*Exercise brief*: All of the data, word for word and free of pictures, is the expected result.

*The input*:
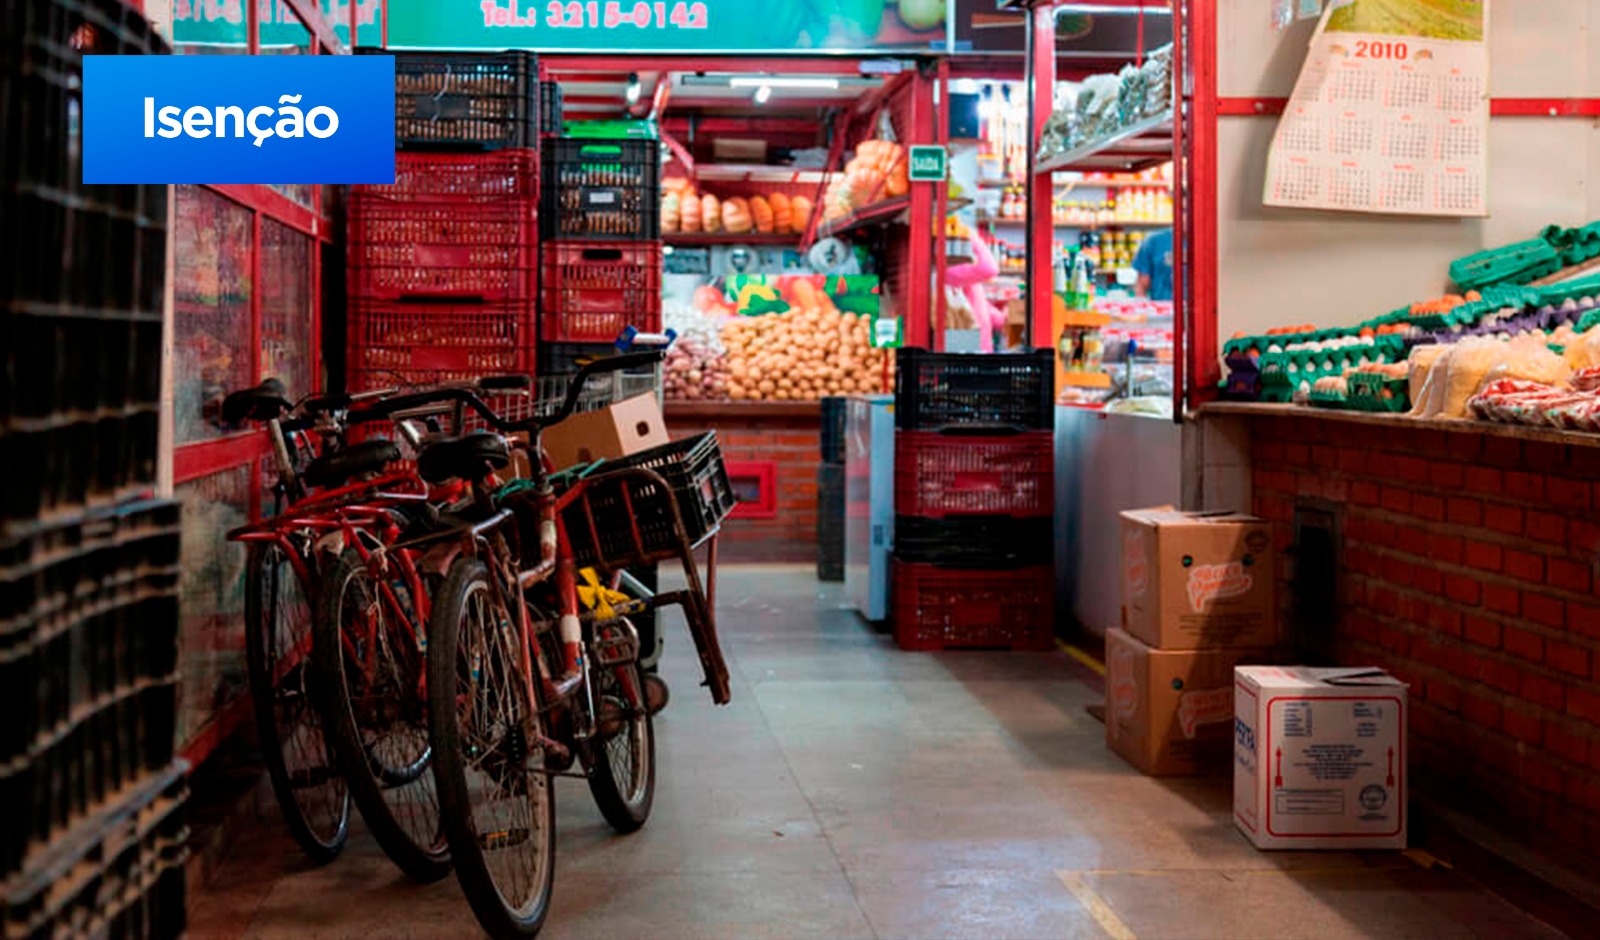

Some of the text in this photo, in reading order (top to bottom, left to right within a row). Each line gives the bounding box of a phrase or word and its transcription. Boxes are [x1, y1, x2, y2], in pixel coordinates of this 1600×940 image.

[480, 0, 708, 29] Tel.: 3215-0142
[1355, 40, 1408, 60] 2010
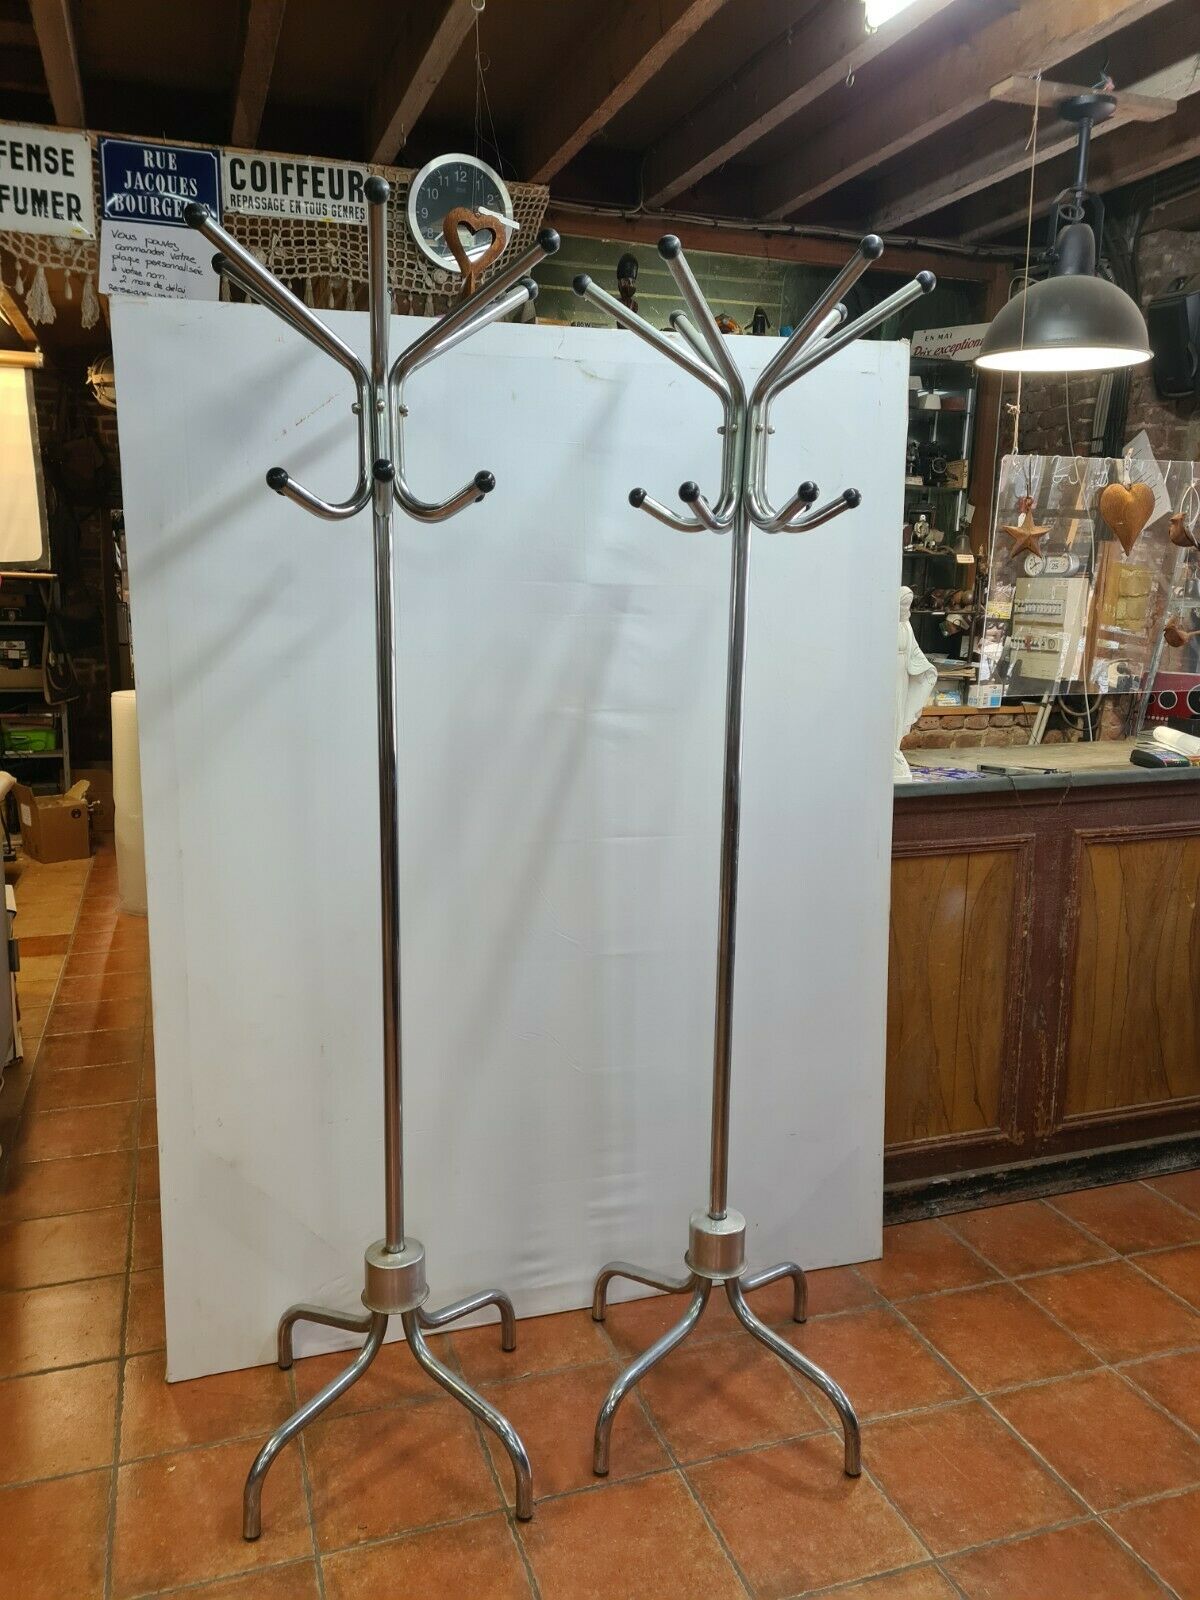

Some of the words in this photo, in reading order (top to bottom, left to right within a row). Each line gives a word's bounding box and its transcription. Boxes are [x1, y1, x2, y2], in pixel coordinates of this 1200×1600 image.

[143, 149, 177, 170] RUE
[229, 157, 364, 204] COIFFEUR
[438, 175, 449, 188] 11
[455, 171, 467, 182] 12
[124, 170, 197, 197] JACQUES
[427, 188, 439, 200] 10
[487, 194, 494, 205] 2
[0, 184, 83, 222] FUMER
[113, 193, 211, 219] BOURGE
[230, 194, 285, 212] REPASSAGE
[289, 199, 301, 214] EN
[304, 201, 328, 216] TOUS
[331, 204, 365, 220] GENRES
[421, 207, 429, 218] 9
[112, 229, 137, 241] Vous
[427, 227, 434, 238] 8
[119, 275, 127, 283] 2
[933, 338, 984, 357] exception
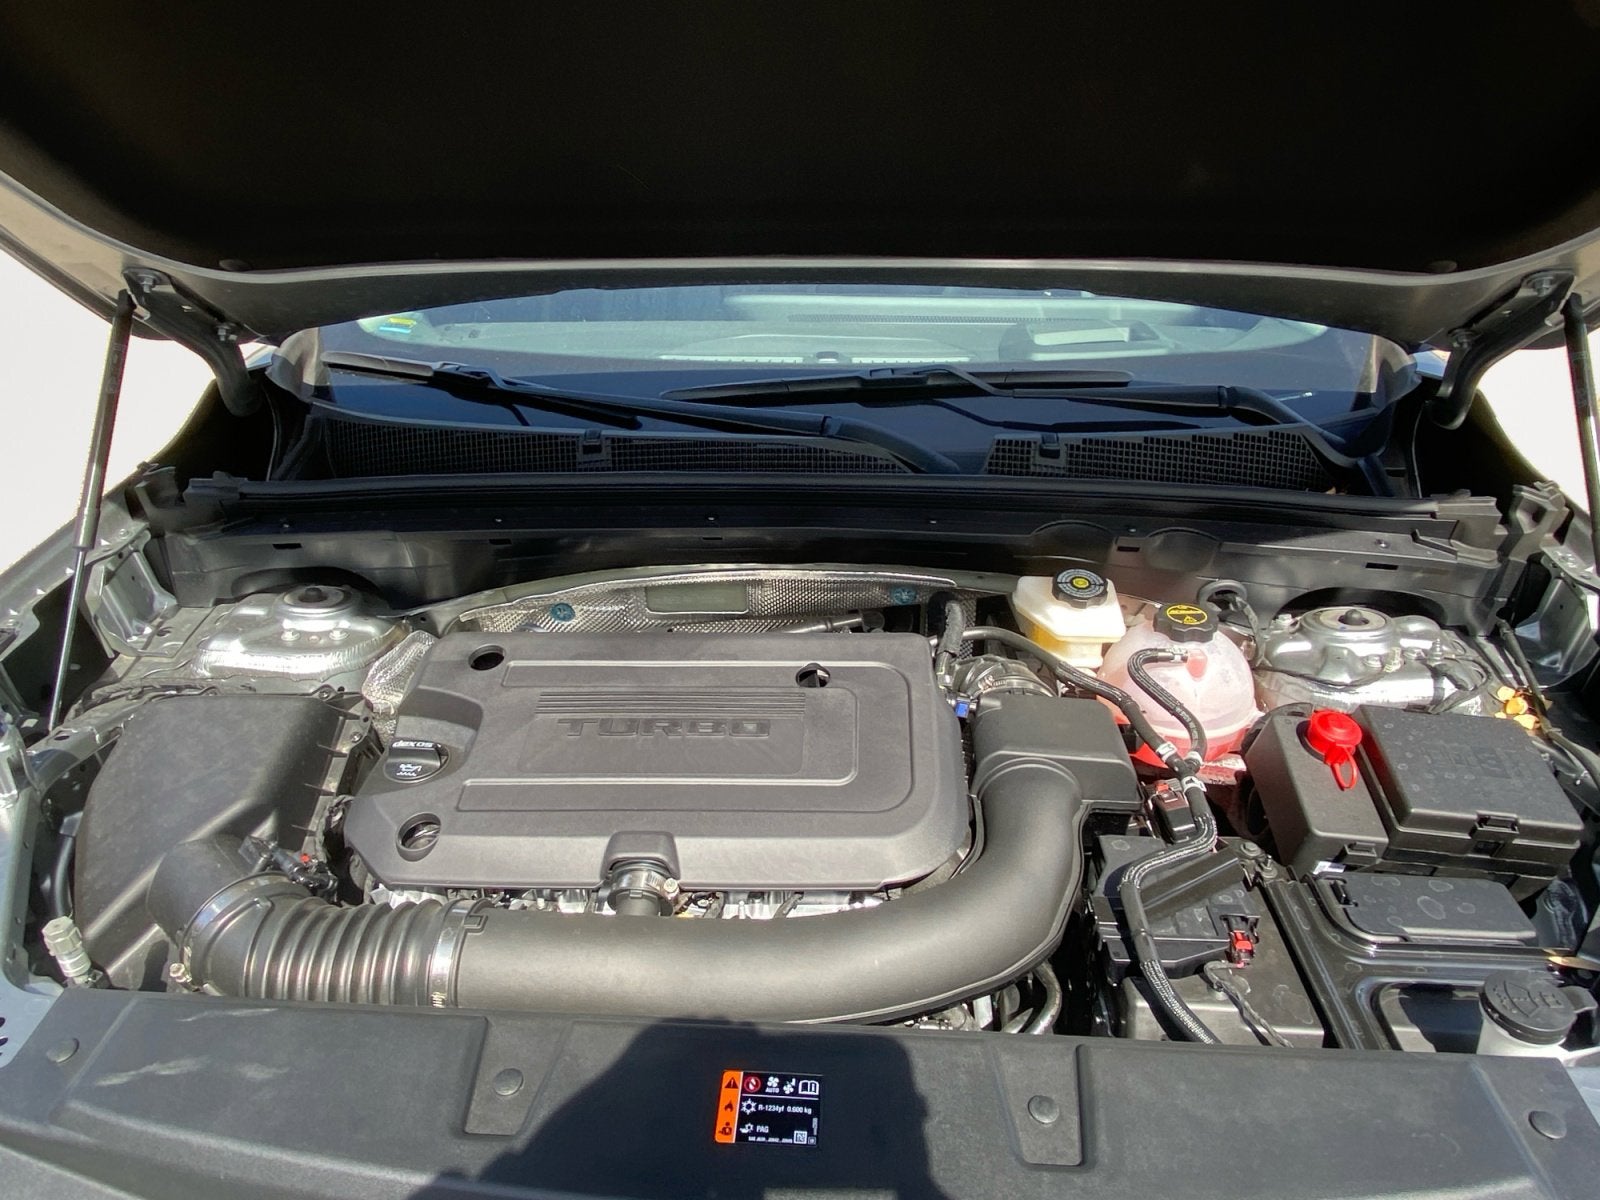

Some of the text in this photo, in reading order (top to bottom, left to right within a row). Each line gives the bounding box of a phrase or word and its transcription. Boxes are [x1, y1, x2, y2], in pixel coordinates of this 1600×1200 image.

[557, 718, 770, 738] TURBO
[758, 1104, 784, 1113] R-1234yf
[756, 1125, 769, 1133] PAG

*Finished exercise*:
Some of the text in this photo, in reading order (top to bottom, left to right within a row). Each line gives the bounding box of a phrase or word and its transcription. Boxes are [x1, y1, x2, y2], in pixel coordinates of this 1600×940 image.

[480, 0, 708, 29] Tel.: 3215-0142
[1355, 40, 1408, 60] 2010

Some of the words in this photo, in reading order (top to bottom, left to right within a row). Each line gives a word's bounding box and its transcription. Boxes are [x1, y1, x2, y2], in pixel coordinates of this 1200×1600 image.

[143, 149, 177, 170] RUE
[229, 157, 364, 204] COIFFEUR
[438, 175, 449, 188] 11
[455, 171, 467, 182] 12
[124, 170, 197, 197] JACQUES
[427, 188, 439, 200] 10
[487, 194, 494, 205] 2
[0, 184, 83, 222] FUMER
[113, 193, 211, 219] BOURGE
[230, 194, 285, 212] REPASSAGE
[289, 199, 301, 214] EN
[304, 201, 328, 216] TOUS
[331, 204, 365, 220] GENRES
[421, 207, 429, 218] 9
[112, 229, 137, 241] Vous
[427, 227, 434, 238] 8
[119, 275, 127, 283] 2
[933, 338, 984, 357] exception

Some of the text in this photo, in reading order (top to bottom, left to right within a row). Each line gives the bounding box of a phrase or word and its transcription. Boxes are [x1, y1, x2, y2], in pixel coordinates of this 1600×1200 image.

[557, 718, 770, 738] TURBO
[758, 1104, 784, 1113] R-1234yf
[756, 1125, 769, 1133] PAG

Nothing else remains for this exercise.